Saved entries
_ _ _ _

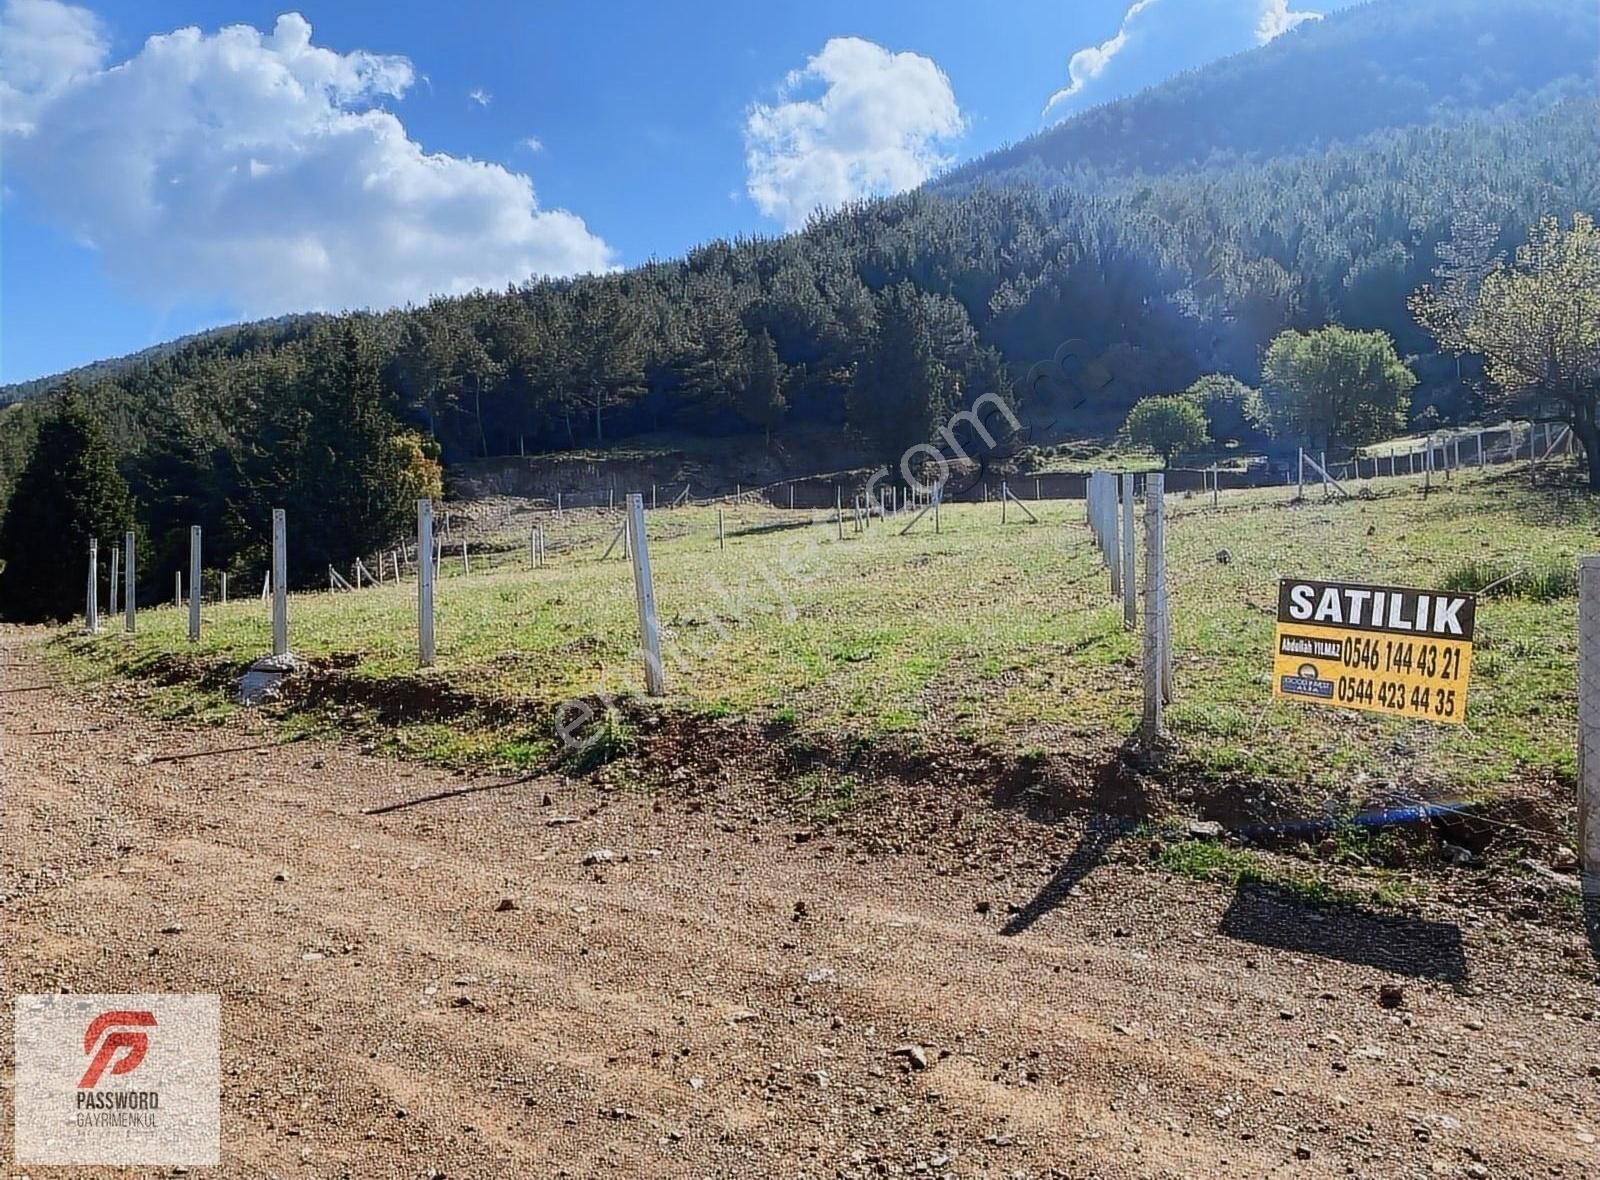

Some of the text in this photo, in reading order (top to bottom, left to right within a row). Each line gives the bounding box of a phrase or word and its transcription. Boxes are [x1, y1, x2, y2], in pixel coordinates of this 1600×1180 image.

[1289, 584, 1466, 635] SATILIK
[1343, 636, 1379, 671] 0546
[1386, 641, 1413, 675] 144
[1416, 645, 1437, 678] 43
[1441, 647, 1461, 680] 21
[1338, 675, 1373, 705] 0544
[1378, 681, 1405, 710] 423
[1410, 685, 1430, 713] 44
[1435, 688, 1455, 717] 35

_ _ _ _

Work to be completed – Please retype the data exactly, but do not carry over any picture.

Result –
Some of the text in this photo, in reading order (top to bottom, left to right within a row). Each line gives the bounding box of a phrase or word and its transcription. Boxes are [x1, y1, x2, y2], in pixel coordinates of this 1600×1180 image.

[1289, 584, 1466, 635] SATILIK
[1343, 636, 1379, 671] 0546
[1386, 641, 1413, 675] 144
[1416, 645, 1437, 678] 43
[1441, 647, 1461, 680] 21
[1338, 675, 1373, 705] 0544
[1378, 681, 1405, 710] 423
[1410, 685, 1430, 713] 44
[1435, 688, 1455, 717] 35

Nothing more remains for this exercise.